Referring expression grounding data
----------------------------------------
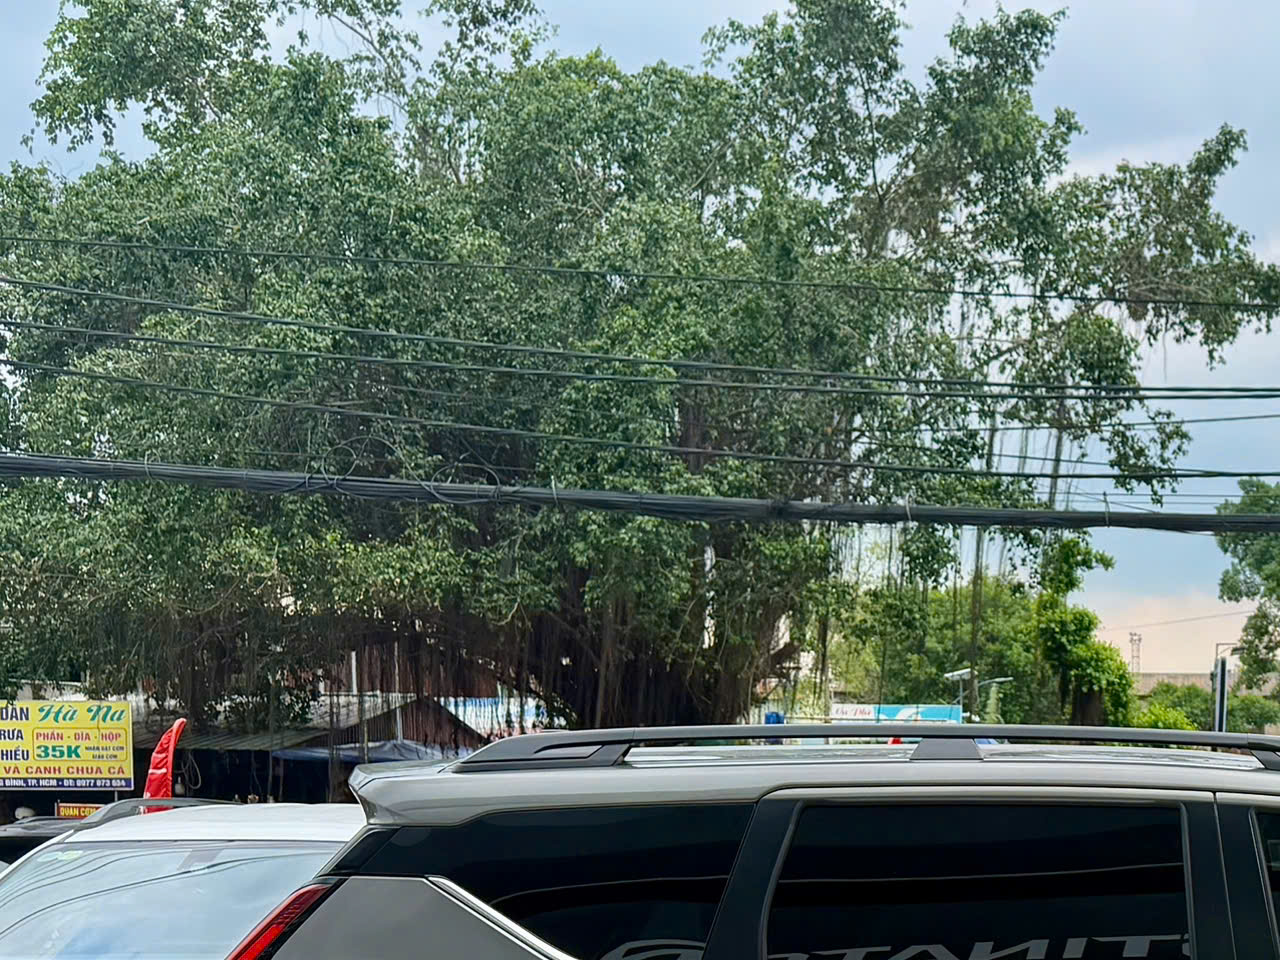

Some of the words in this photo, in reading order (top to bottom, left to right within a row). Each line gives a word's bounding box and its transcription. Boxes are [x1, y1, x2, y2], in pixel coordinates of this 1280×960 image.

[38, 704, 78, 723] Hà
[36, 744, 81, 759] 35K
[25, 766, 61, 775] CANH
[66, 766, 103, 775] CHUA
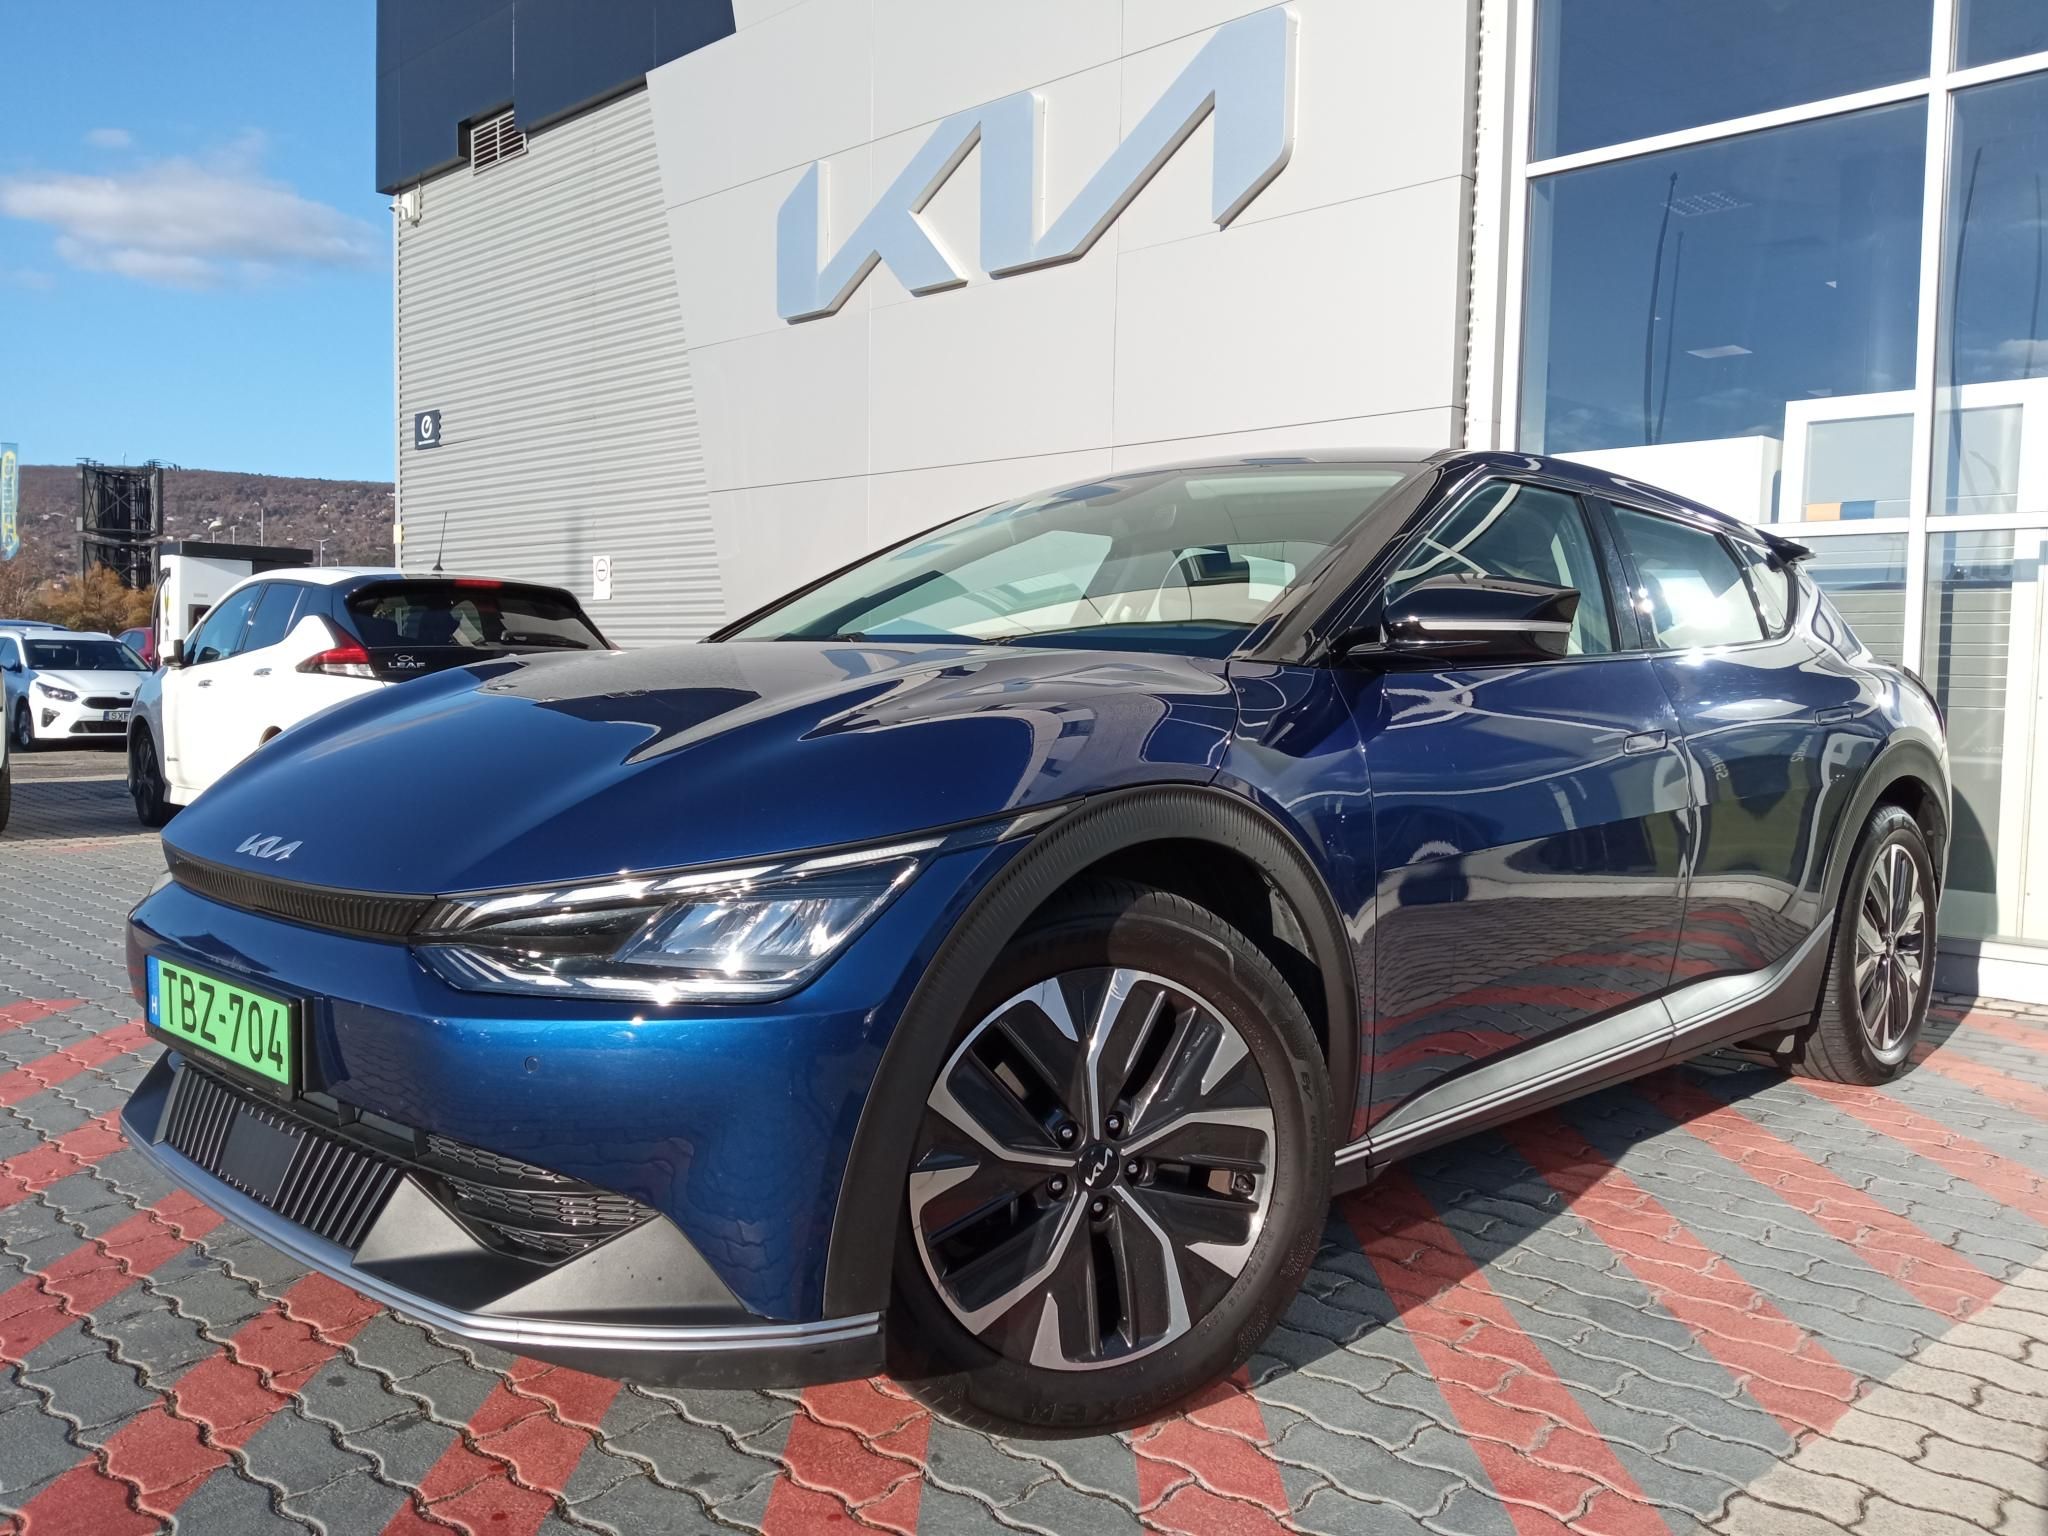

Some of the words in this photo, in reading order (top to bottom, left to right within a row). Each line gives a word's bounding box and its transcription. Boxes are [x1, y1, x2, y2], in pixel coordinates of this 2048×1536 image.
----------------------------------------
▸ **TASK BRIEF**:
What is needed is a verbatim copy of every entry, with the pictures omitted.

▸ **TASK SOLUTION**:
Some of the words in this photo, in reading order (top to bottom, left to right within a row). Each line gives a word's bounding box and its transcription. Boxes are [x1, y1, x2, y2], in pixel coordinates of this 1280×960 image.

[38, 704, 78, 723] Hà
[36, 744, 81, 759] 35K
[25, 766, 61, 775] CANH
[66, 766, 103, 775] CHUA

Some of the words in this photo, in reading order (top to bottom, left to right within a row). Each line gives a word's bounding box and its transcription. Boxes are [x1, y1, x2, y2], in pixel coordinates of this 2048×1536 image.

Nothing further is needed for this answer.